They were equally free to record their journey in any way they liked – by writing down, drawing or mapping the route they took, what they saw or what they heard, or any combination of writing/mapping/drawing any or all of these. So the work generated a host of different alternative “maps” – routes participants had made and their records of those routes which could (in theory) be kept as documentation, as works in their own right and as directions for future walks.
At the rendezvous, the participants – the strangers – recognised each other by writing “I’m a stranger” on a piece of paper and holding it up, and these in turn became an effective visual part of the work. It was interesting to see how many people felt awkward doing this and wrote it in quite small letters and/or held it up as inconspicuously as possible. Others didn’t make a sign at all, but relied on finding someone else’s first.
This structure of journeys and exchanges culminated in a final exchange – a sharing of experience between each pair of strangers who had exchanged routes and a general sharing for those who wanted it. We hadn’t really thought about this when we started out (it was something B_Tour were very keen for us to have) but it ended up seeming like a completely logical outcome of the exercise. During the Demolition Project piece that gave us our name we had discovered that one of the most rewarding parts was that it opened up conversations between those who participated, sometimes along unexpected lines. The delicate task for us (we’re still trying to get it right) is how to facilitate those conversations without forcing them. In many cases, people who had exchanged routes were really keen to talk to each other about what they’d discovered or found puzzling on each other’s maps. Sometimes people found unexpected connections in the way they perceived the world – for example, a couple of participants paired by chance in Belgrade had both focused on the soundscape of their routes. Others made fresh discoveries – one participant in Berlin who worked in Alexanderplatz found the route showing him parts of the area he had never noticed before; others who knew and disliked Alexanderplatz for its superficial ugliness discovered how interesting it could be once they started using details as landmarks.
Repeating I’m A Stranger in Belgrade brought a fresh challenge on the second day, when a planned demonstration in the city centre meant Trg Republike was filled with riot police and we had to relocate at short notice. This turned out to be a bonus as we found a fresh site, with a starting and meeting point at different doors to the Bitef Theatre, which is next to the busy Bajloni market amid a tangle of small streets in the Dorcol area of the city.
The marketplace setting gave the tour a different feel – less “touristic” and with a background as a place of outsiders and exchange.

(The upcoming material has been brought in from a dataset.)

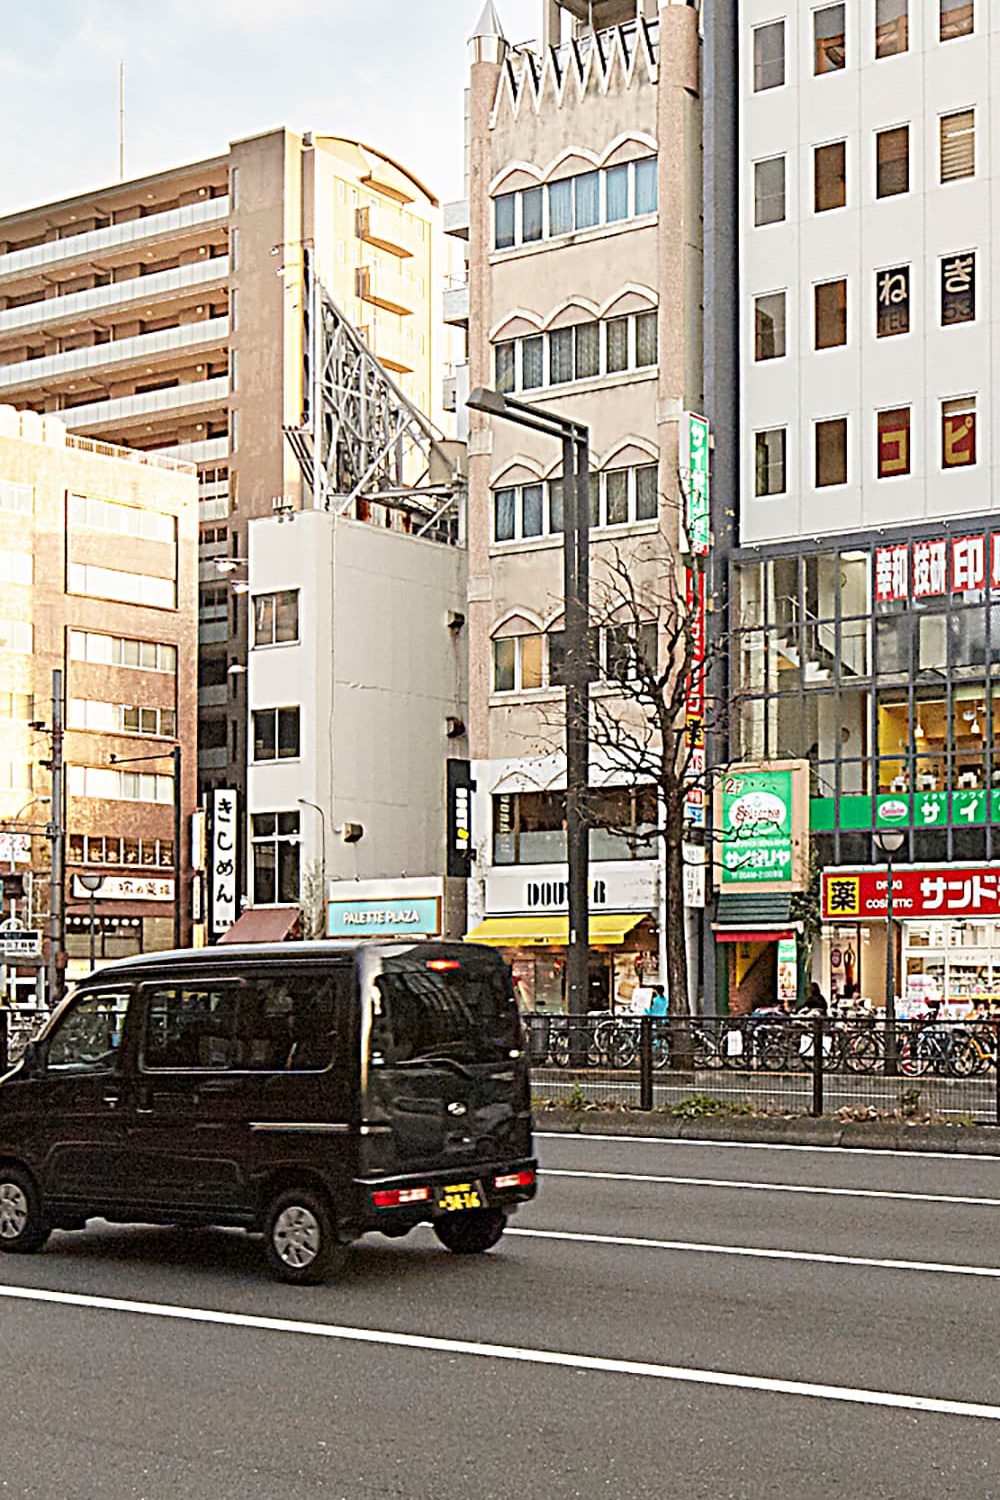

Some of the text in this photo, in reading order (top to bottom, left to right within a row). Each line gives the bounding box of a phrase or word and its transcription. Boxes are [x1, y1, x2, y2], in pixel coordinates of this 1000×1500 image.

Bajloni is especially interesting as it has a mix of official stallholders within the gated market and unofficial street sellers with makeshift displays spread on the surrounding pavements; we were told they are illegal migrants and gypsies who have come to Belgrade from the country.

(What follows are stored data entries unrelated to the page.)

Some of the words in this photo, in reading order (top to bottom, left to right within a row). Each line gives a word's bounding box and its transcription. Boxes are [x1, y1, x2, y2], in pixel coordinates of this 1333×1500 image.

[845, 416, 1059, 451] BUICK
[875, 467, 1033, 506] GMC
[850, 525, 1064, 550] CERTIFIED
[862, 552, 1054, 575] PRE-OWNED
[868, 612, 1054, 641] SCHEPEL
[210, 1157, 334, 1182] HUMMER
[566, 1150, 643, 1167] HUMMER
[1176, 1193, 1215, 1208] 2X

The necessity of having to move away from the “obvious” meeting place made us rethink the type of site we want to stage our next outing of I’m A Stranger.
Another thing we discovered was the difficulty of documenting the piece without a third and fourth person to run round after participants, ensure they agree to us photographing and reproducing their routes and comments etc. It made us consider how we document our work – and whether that’s important. There’s enormous pressure for artists to document participatory and performance work thoroughly in order to have something to show potential funders and commissioners, to market themselves with and to give something transient a more permanent life.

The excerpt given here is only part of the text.